There is an underlying message in the follow-up stories, the press and the book about the strength of collective witness and solidarity; it is obvious that the work was better when the two reporters joined forces. But at the film level, the power duo works less well. Kazan is the noticeably stiffer performer of the pair, which makes the scenes in which the two reporters work together less seamless than when apart – Mulligan’s delivery as Twohey feels inhabited, combustible, instinctive; Kazan sounds like a script. Likewise, make moments heavy with obvious proclamations such as “this is the system that protects against abuse”.
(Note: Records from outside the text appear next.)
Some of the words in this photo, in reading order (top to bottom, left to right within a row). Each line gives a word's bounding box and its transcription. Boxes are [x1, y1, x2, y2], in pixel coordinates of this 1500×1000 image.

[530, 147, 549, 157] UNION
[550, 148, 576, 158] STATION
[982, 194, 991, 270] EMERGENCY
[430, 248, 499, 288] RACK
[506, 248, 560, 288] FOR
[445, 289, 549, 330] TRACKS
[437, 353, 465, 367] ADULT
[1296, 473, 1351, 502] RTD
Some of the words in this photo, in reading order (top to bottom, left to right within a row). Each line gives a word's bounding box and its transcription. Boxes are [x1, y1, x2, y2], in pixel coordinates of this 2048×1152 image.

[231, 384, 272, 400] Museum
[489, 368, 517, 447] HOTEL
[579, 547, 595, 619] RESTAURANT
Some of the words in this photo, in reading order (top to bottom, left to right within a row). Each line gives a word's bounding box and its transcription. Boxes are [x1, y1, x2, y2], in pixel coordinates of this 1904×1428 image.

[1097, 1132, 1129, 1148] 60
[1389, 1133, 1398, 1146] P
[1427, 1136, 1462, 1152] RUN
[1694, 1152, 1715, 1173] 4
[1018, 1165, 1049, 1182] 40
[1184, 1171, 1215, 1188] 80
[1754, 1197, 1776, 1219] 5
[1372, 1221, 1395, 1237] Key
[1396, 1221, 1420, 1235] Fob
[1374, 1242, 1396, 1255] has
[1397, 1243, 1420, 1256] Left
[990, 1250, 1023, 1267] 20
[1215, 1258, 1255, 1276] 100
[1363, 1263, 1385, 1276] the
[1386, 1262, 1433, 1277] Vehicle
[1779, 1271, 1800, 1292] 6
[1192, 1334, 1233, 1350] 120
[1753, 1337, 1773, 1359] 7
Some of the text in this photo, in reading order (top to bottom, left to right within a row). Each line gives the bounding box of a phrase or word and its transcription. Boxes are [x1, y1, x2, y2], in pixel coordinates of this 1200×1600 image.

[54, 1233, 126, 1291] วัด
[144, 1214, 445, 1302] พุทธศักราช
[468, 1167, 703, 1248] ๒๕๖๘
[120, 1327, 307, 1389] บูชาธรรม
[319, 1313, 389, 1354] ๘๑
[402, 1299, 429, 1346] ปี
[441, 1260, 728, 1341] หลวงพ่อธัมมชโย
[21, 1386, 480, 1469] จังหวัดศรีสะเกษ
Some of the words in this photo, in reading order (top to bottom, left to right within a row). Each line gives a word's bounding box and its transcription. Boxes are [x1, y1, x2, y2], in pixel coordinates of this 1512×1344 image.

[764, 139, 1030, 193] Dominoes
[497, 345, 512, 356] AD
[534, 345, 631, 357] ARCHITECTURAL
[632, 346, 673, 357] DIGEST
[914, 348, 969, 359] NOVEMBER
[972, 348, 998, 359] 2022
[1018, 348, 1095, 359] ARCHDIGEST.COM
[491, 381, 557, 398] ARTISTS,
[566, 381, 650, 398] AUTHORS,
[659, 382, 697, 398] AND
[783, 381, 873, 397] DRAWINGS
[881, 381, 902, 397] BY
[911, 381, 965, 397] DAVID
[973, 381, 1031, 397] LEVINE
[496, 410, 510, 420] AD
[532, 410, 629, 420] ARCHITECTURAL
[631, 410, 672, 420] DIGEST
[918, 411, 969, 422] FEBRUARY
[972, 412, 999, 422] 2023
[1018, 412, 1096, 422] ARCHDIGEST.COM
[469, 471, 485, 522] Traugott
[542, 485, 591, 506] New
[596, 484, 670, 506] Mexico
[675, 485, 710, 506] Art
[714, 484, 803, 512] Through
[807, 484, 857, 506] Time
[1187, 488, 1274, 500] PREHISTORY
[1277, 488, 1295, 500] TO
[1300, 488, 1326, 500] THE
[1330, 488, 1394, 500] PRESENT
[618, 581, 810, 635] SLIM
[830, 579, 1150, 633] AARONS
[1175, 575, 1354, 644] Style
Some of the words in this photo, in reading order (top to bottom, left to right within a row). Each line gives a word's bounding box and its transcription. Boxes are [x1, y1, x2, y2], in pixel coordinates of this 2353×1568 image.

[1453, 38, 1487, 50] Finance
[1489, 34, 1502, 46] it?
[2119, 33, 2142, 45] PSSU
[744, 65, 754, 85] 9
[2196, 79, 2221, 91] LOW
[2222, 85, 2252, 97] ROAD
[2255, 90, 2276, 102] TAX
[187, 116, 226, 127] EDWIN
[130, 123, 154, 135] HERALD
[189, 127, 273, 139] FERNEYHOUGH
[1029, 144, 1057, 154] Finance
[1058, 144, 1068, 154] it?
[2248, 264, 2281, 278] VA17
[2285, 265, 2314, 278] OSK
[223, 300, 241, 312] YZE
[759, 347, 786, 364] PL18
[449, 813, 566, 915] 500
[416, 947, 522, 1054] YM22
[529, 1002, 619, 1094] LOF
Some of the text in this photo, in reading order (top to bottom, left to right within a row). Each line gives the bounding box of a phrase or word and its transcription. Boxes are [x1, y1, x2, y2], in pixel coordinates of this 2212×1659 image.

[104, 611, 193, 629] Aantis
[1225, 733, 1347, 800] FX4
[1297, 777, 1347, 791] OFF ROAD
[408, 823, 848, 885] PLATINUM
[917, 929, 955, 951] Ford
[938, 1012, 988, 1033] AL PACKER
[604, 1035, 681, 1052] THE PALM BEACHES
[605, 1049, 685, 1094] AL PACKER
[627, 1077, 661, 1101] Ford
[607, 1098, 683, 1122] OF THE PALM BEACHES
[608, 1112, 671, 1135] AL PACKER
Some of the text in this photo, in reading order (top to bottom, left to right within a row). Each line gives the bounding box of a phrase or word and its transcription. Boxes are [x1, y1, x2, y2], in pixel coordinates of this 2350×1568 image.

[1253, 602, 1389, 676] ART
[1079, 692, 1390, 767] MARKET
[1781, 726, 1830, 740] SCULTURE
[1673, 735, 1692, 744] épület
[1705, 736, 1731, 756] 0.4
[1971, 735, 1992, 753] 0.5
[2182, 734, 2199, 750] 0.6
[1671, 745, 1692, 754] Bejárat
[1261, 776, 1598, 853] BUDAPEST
In its strongest moments, She Said follows the precedent of The Assistant, Australian filmmaker Kitty Green’s 2020 portrayal of toxic adjacency in a Weinstein-style production company, allowing audiences to fill in the blanks with well-received information. known. When that final showdown with Weinstein comes, we only see him in the shadows, from behind; the camera captures the faces of his powerful accomplices – famed attorneys Lisa Bloom and David Boies, prosecutor Linda Fairstein – while zooming in on Twohey’s startling expression: fury, bewilderment, a hint of pity at his unheard-of bloviation.

Like the book, She Said conveys the mountain of turmoil, obstacles, impasses, relationships and uncertainties that underpin a single story – all the work, doubt and strength that we cannot see at first. MeToo’s half-decade has been one of fuzzy, necessarily messy stops and starts; what satisfaction, then, to clearly see its origins.